September 4th, 2021 | Updated on October 3rd, 2021
A budget can be a lifesaver. It helps you pay down your debt, save money for your retirement, and meet your financial goals. But it isn’t easy to stick to it. These tips can help you stick to your spending plan and make sure you don’t lose track of your financial goals.
How To Stick To Your Spending Plan
1. Make A Meal Plan
A thorough meal plan can do wonders for your budget. Food is an essential expense, so you’ll always be spending money on this budget item, but there are ways you cut down on your costs by thinking ahead.
When you don’t have a meal plan and a well-stocked kitchen, you’re one bad day away from skipping the lines and ordering takeout you can’t afford.
Plus, planning out a week or two’s worth of meals can help you save by buying more groceries in bulk.
2. Cut Your Interest Rates
Need your budget to stretch further? Cut interest rates on the debt that you owe. Interest is just money you pay for the privilege of carrying a balance month-to-month.
When you get your rates reduced, you have more money each month for necessary expenses or paying down the principal.
Talk to certified credit counsellors about ways to negotiate with your creditors. A non-profit credit counselling agency can help you renegotiate your interest rates, develop a debt repayment plan, and help create your budget.
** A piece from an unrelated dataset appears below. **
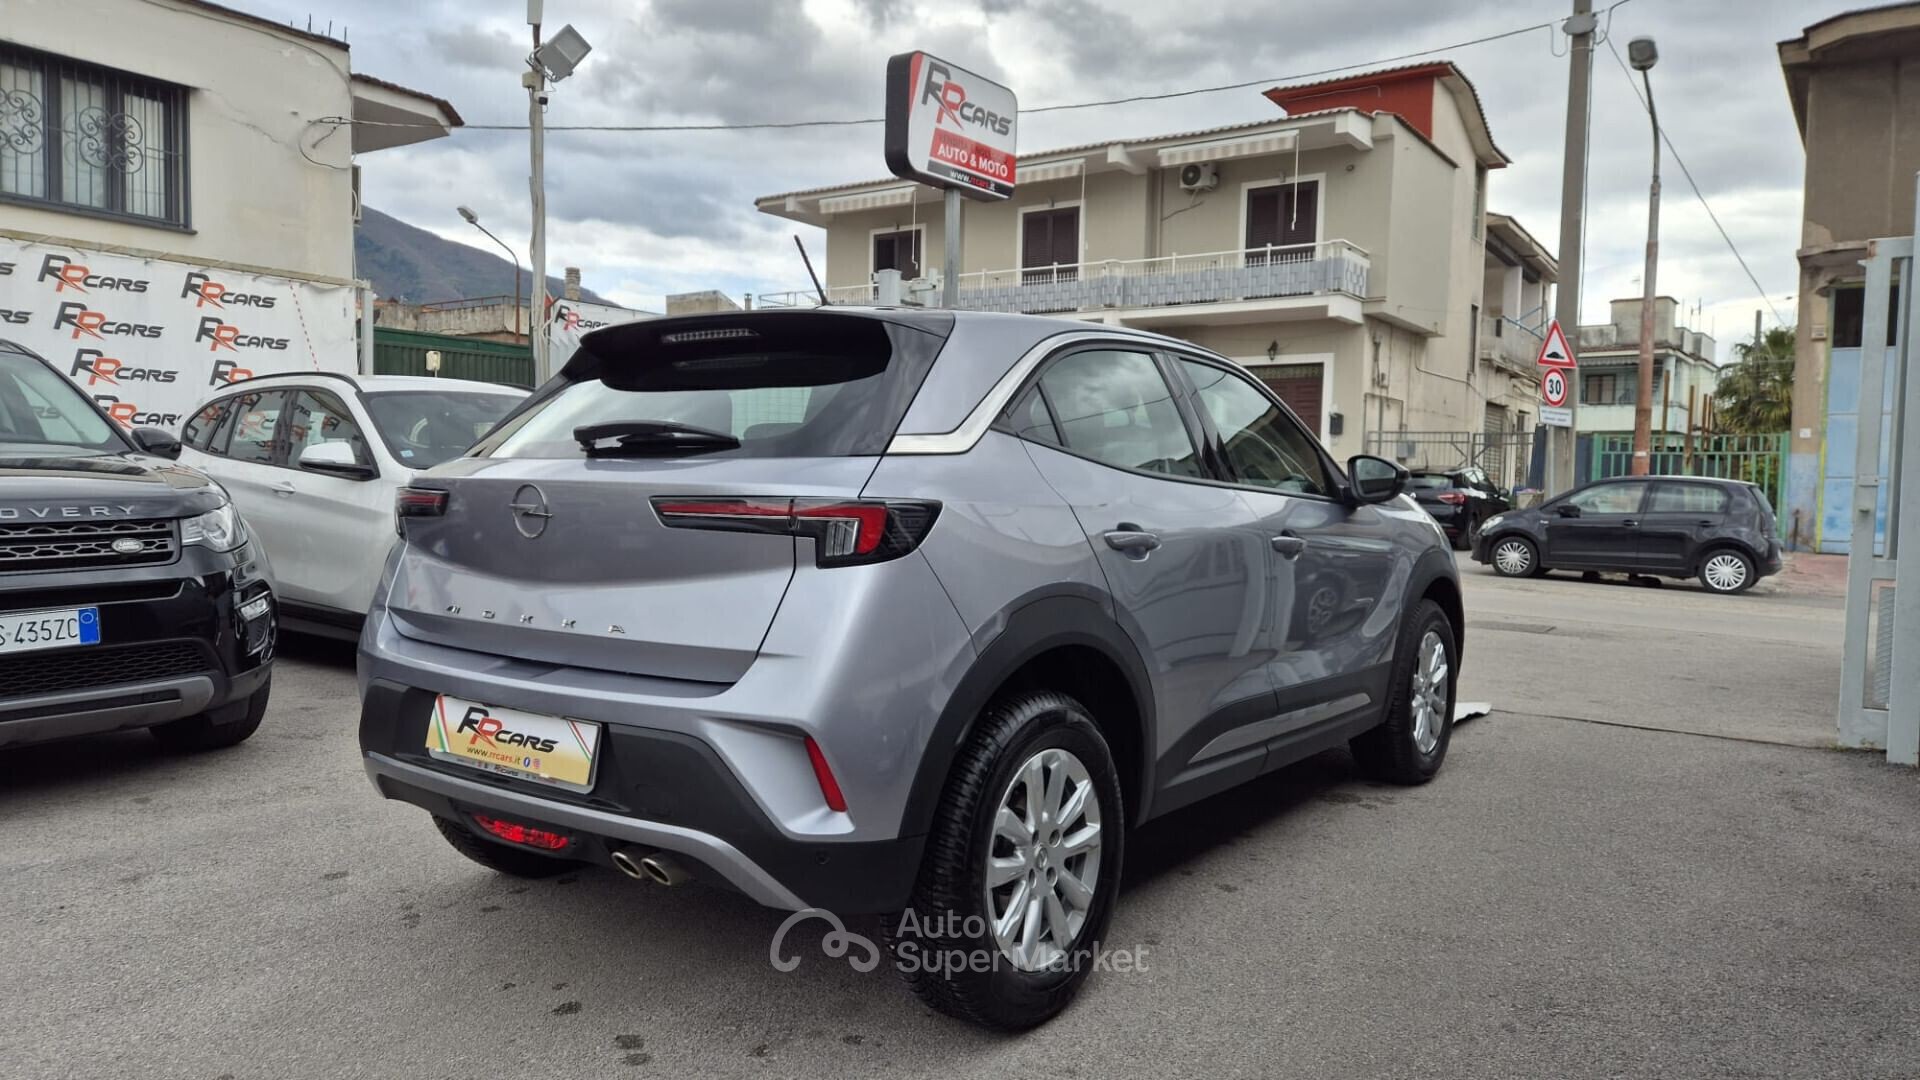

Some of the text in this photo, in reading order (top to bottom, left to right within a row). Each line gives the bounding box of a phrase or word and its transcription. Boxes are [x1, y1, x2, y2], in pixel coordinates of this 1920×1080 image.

[938, 144, 1008, 177] AUTO & MOTO
[1548, 378, 1561, 395] 30
[467, 747, 521, 765] www.rrcars.it
3. Find A Cheaper Way To Get Around
Cars are one of the biggest monthly expenses you can carry. Cutting it out of your budget will make a huge difference.
One of the problems with getting rid of your car is that it may not get rid of your car loan.
Depending on the term of your loan, it can take years before the equity you have in the vehicle will pay off the rest of the loan because depreciation is so rapid.
But if you’re driving a car that’s close to being paid off, the cost of gas, insurance, repairs, and parking alone are relentlessly expensive.
It may not be an option for everyone, but if you can get to work and errands on transit or a bike, you can make huge progress on debt.
4. Track Your Spending
There are dozens of apps out there that you can use to automatically track your spending, whether you use debit, credit, or smartphone payments.
If you pay with cash or don’t want an app tracking your spending, you can also keep notes on your phone or use a good old-fashioned notebook.
Tracking your spending on a daily or weekly basis gives you a real-time picture of your spending. It’s the first step toward building a budget, so you can see what your real expenses are.
It’s also a good practice to continue so that you can tell whether you’re on track or need to trim your spending quickly.
5. Use A Weekly Allowance
The toughest but most effective way to stick to your plan is using the cash budget. This is where you predetermine how much money you can spend by giving yourself a weekly allowance (i.e., an envelope of cash or a digital alternative).
You’ll have to start by finding out how much you need accurately. The point isn’t to starve yourself; it’s to make sure you cut out excess spending and limit your impulse buys.